Validation: from learning to certification
Validation is increasingly designed (cf. Cedefop, 2008) as an integrated part of the existing formal education and training systems, that is, as another nationally endorsed route to certification. But in other countries and sectors validation can be an entirely separate process leading to distinctive recognition that bears no link to the formal qualification system.
Cedefop's 2009 publication on European guidelines fof validation compares validation with the certification processes used for the formal system. What is revealed by this comparison is that validation of non-formal and informal learning is a far more complex process than the formal system, presenting many more choices for the learner.
Nevertheless, some steps and decisions are crucial for every validation process. The European guidelines (chapter 6) distinguish between three main stages: orientation, assessment and audit.
Guidance and counselling
The Council resolution on guidance (2008) calls on the EU Member Sates to enhance the professional profile of guidance practitioners. Cedefops recently published study on guidance (2009) discusses the main elements of a generic description which incorporates all the activities needed to deliver career guidance including six areas of competence defined as 'client-interaction' skills (p. 69)
While there seems to be broad agreement on the centrality of these tasks in career guidance, another Cedefop report from 2008 (Career development at work) reveals the distance between these (ideal) expectations and the situation on the ground.
One of the problems identified here is the lack of an effective strategy for providing career development support to most employed people. The study also shows that there is an increasing demand on individuals themselves to acquire the necessary skills for career management.

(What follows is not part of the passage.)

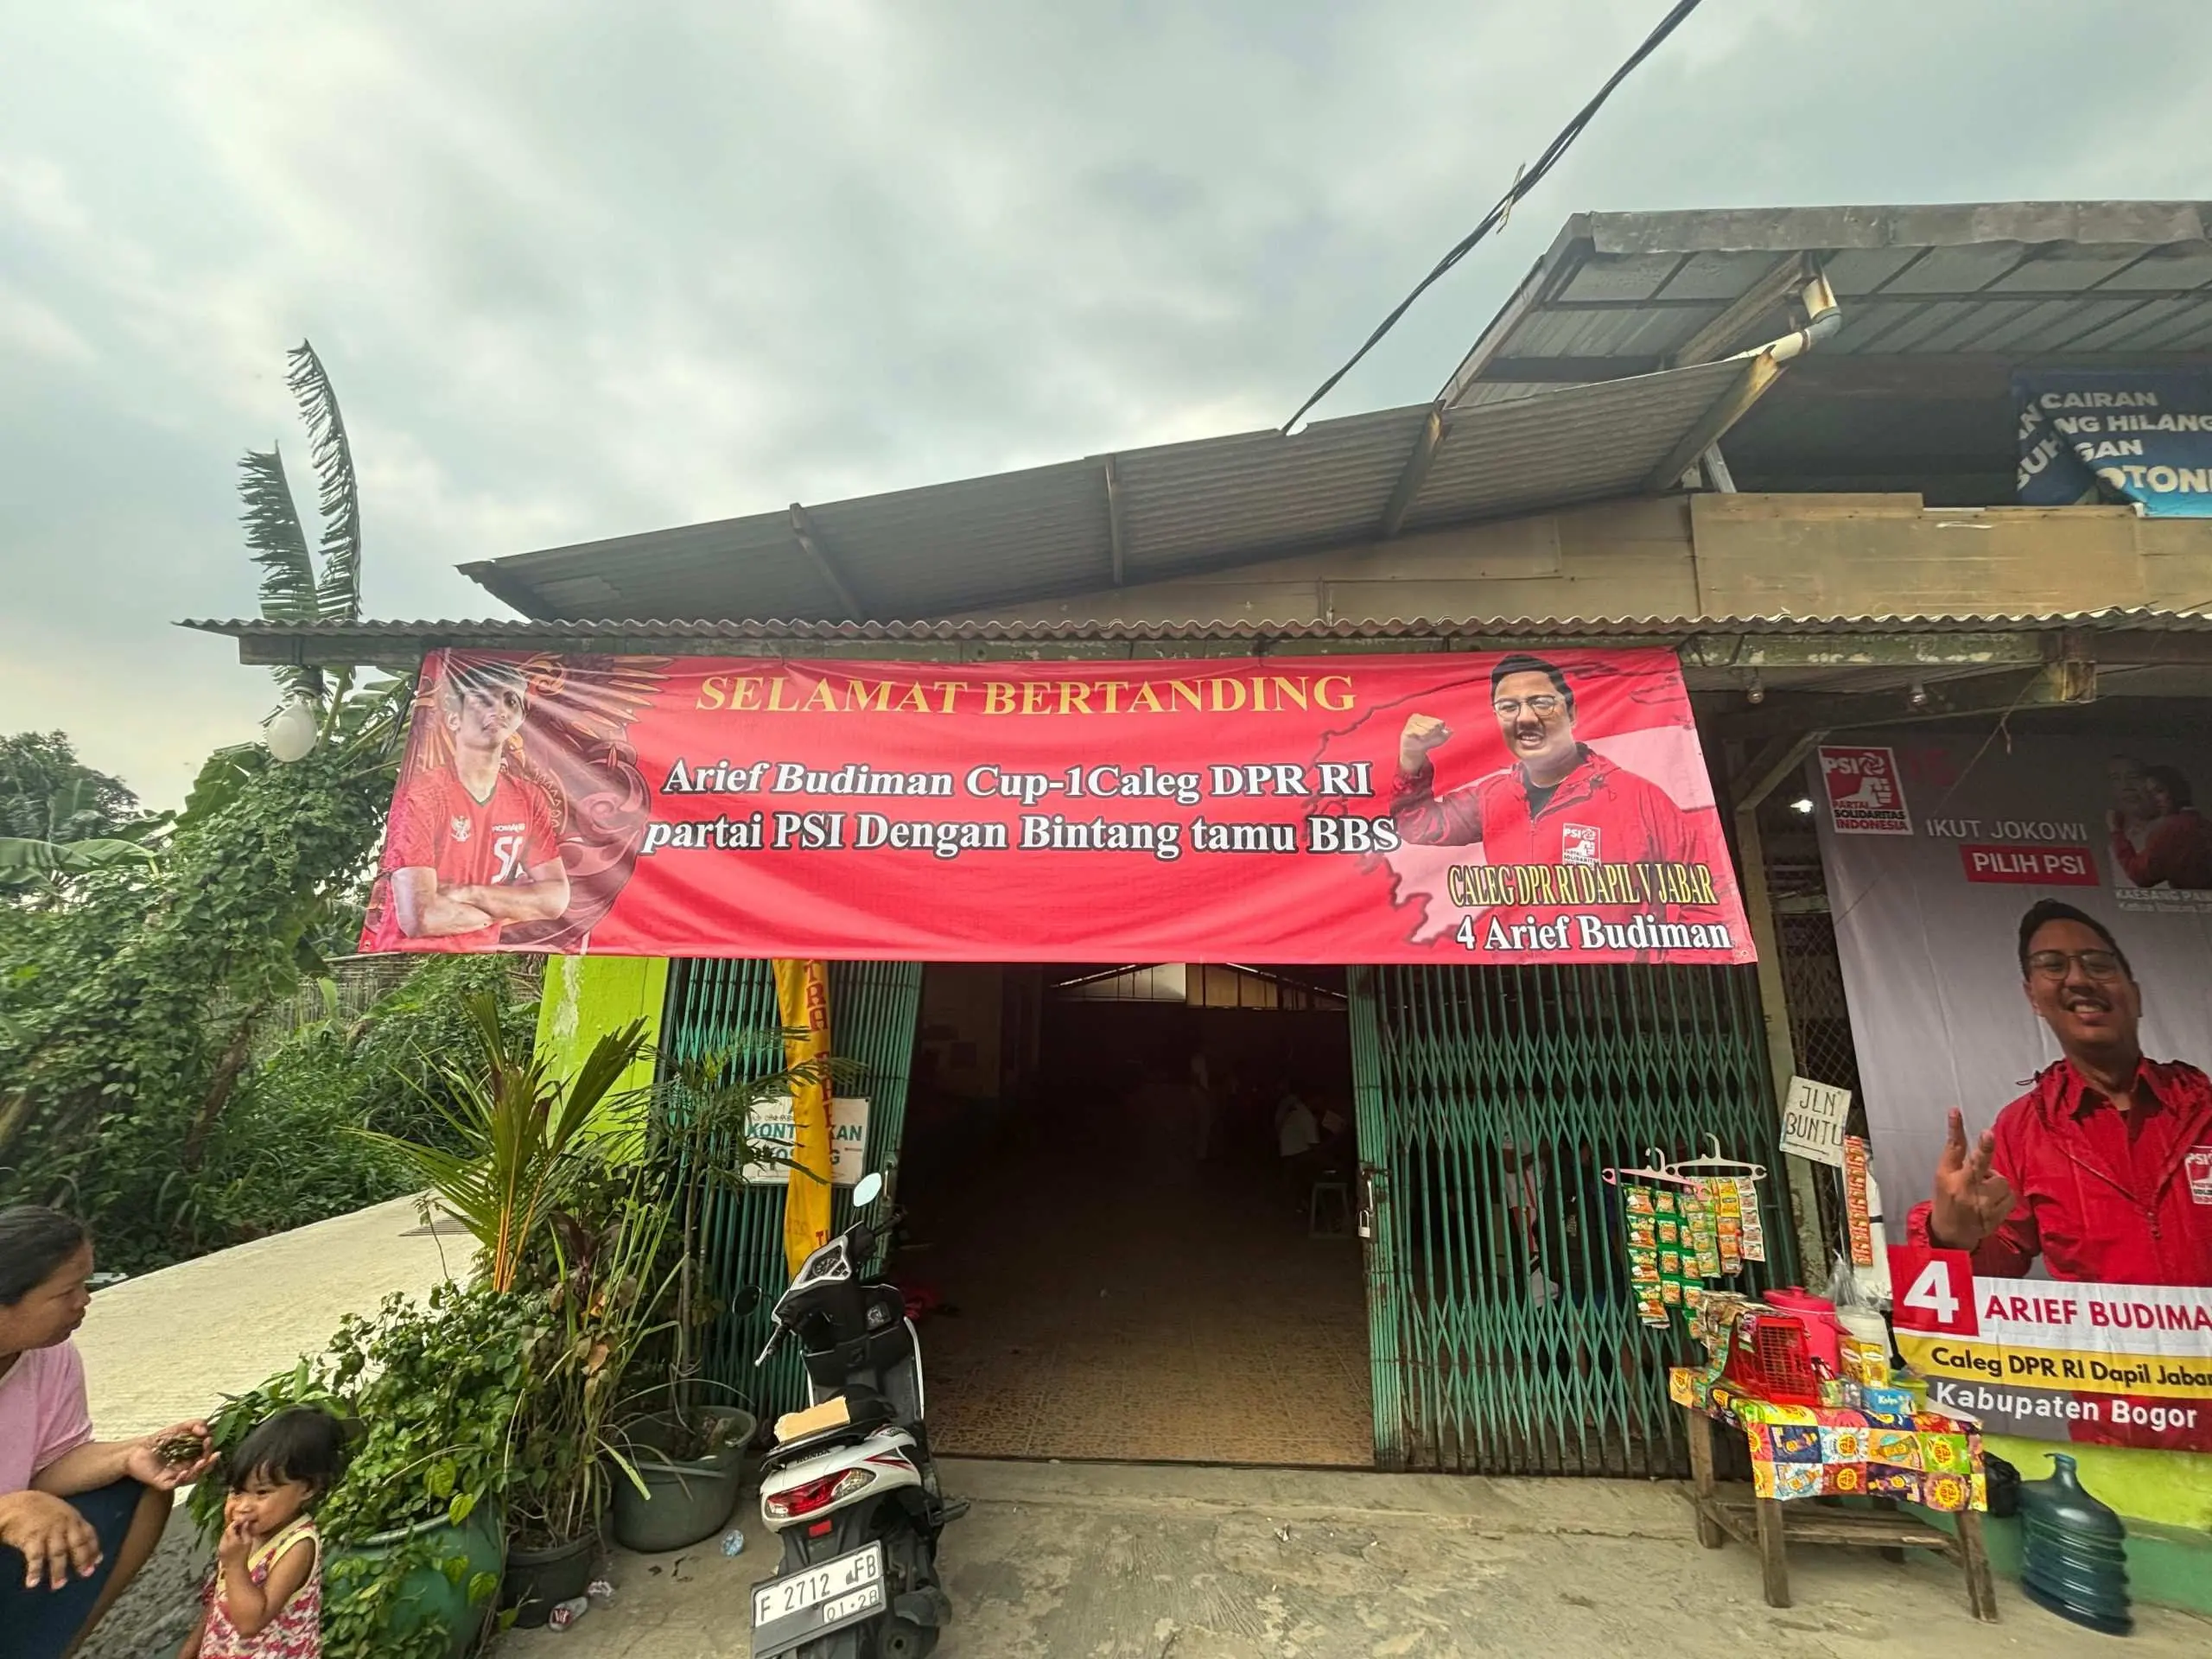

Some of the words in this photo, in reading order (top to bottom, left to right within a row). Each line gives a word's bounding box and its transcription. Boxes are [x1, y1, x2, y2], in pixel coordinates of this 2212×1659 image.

We can see that the relationship between guidance professional and client mirror the main stages of the validation process (orientation and assessment). Guidance, too, encourages clients to make informed decisions through reflection and self-assessment.
When looking into the work of validation and guidance professionals, we observe many shared fundamental perspectives and practises. While differing in emphasis, these approaches seem well aligned with each other. Guidance, as well as validation, are relevant both to education and training and to the labour market.

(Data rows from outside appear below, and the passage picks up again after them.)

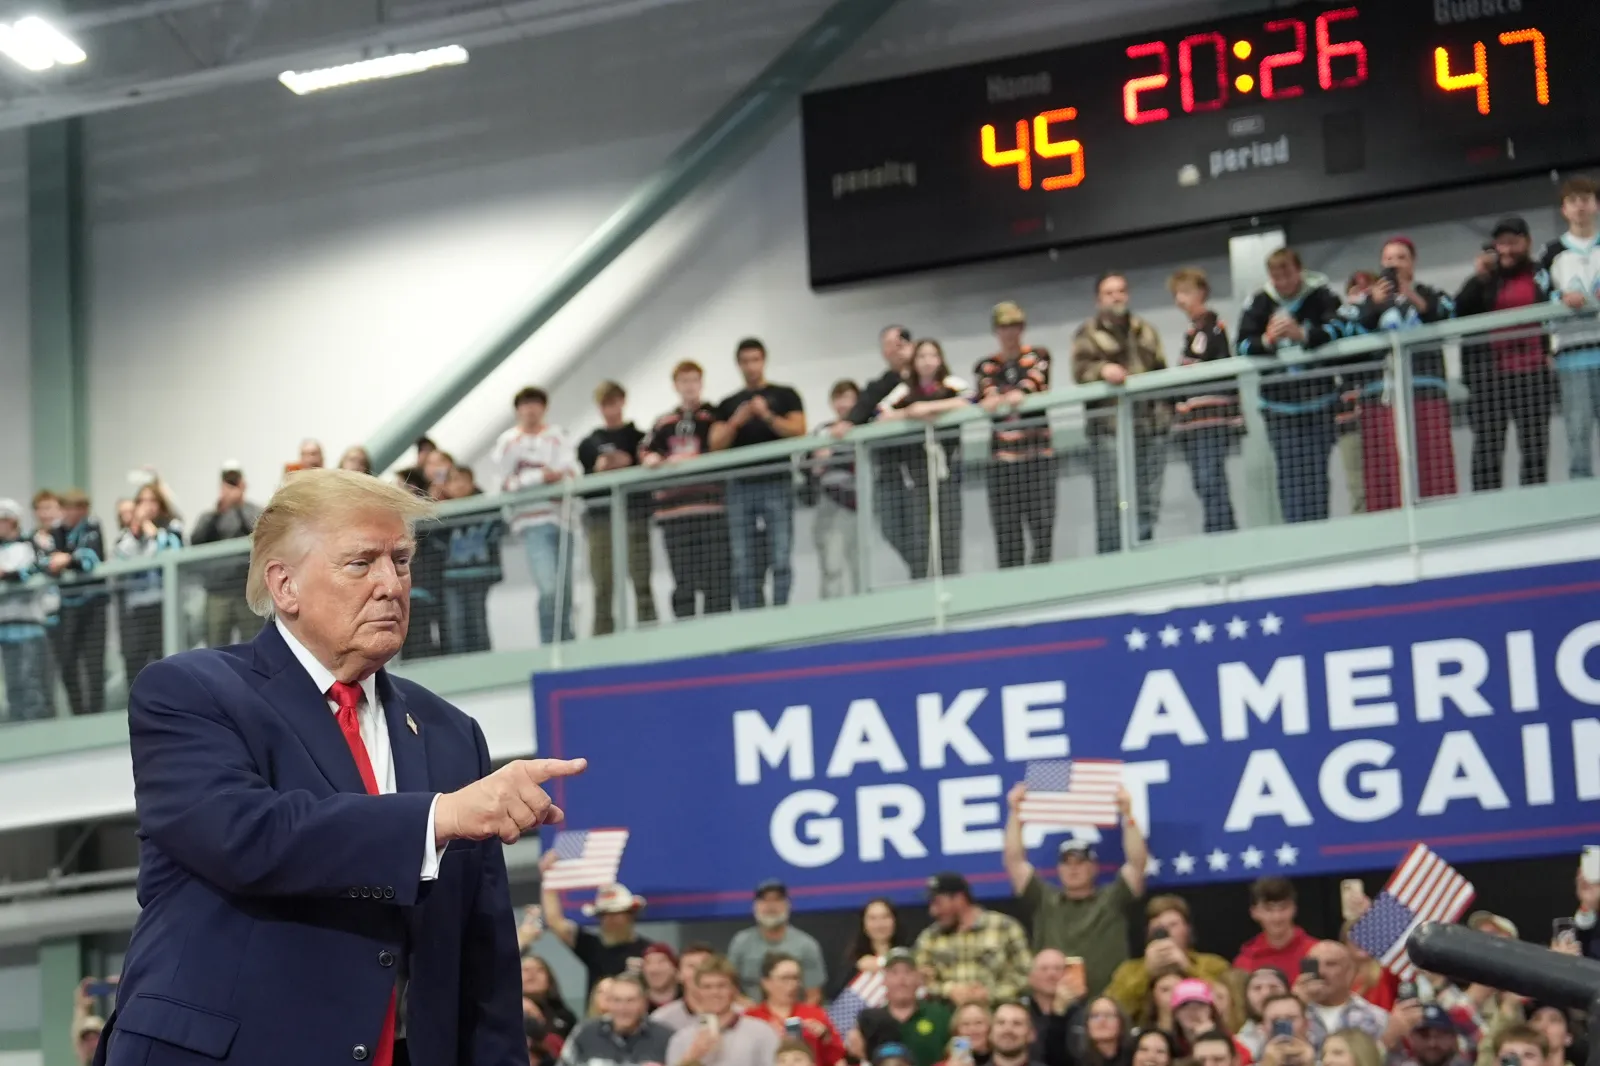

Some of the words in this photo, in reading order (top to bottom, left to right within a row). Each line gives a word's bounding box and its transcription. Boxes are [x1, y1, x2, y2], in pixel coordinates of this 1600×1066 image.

[1122, 7, 1369, 125] 20:26
[1435, 28, 1549, 115] 47
[981, 107, 1085, 191] 45
[1210, 134, 1290, 178] period
[732, 680, 1070, 786] MAKE

One of the reasons why they are not always closely linked is the diversity of institutions and stakeholders involved. While the individual needs to find solutions across institutional borderlines, the institutions themselves may be unable or unwilling to communicate and cooperate efficiently.

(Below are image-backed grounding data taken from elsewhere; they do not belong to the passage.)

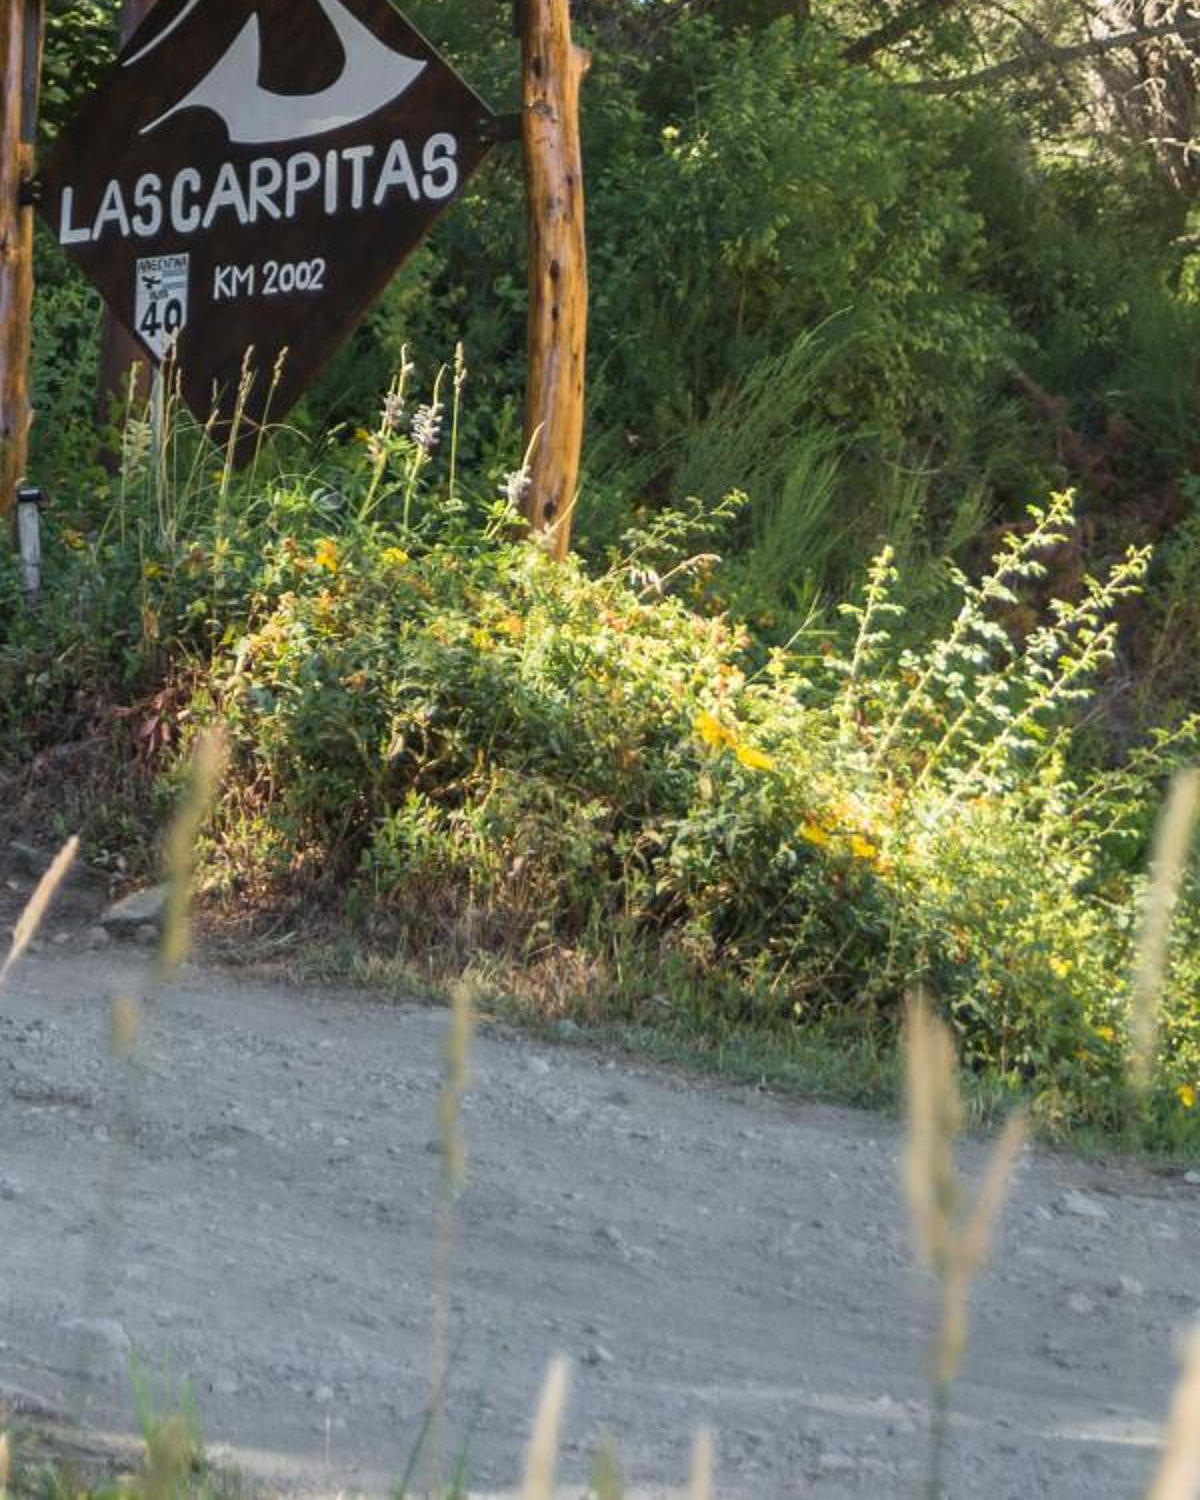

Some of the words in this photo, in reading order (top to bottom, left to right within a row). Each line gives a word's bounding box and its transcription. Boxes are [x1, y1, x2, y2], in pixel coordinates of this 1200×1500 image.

[59, 172, 162, 244] LAS
[171, 132, 458, 234] CARPITAS
[213, 264, 254, 300] KM
[262, 258, 325, 294] 2002
[141, 298, 182, 336] 40

This lack of communication and coordination is not helped by addressing guidance and validation as separate areas operating in a vacuum. European policy and research in the area should look into how to efficiently support guidance and validation at different levels:
- At local level we should examine how to establish one stop shops - involving the cooperation of institutions, organisations and companies - to best serve the learning and career development needs of individuals
- Member States and the EU should aim for coherent strategies, seeking out how best to combine initiatives so as to meet the needs of citizens.
Other policy initiatives could be added to this list. There is, for example, a clear overlap between validation and the credit transfer arrangements for VET (ECVET) that are now being developed.
We should be careful not to undermine the many useful EU initiatives addressing lifelong and lifewide learning by failing to provide adequate links between them.
(Adapted from a working paper presented by Jens Bjornavold at the Swedish presidency conference of 12-13 November (The role of VET in meeting the challenges of today and tomorow) with contributions from Mika Launikari, Lore Schmid and Mara Brugia, all of Cedefop).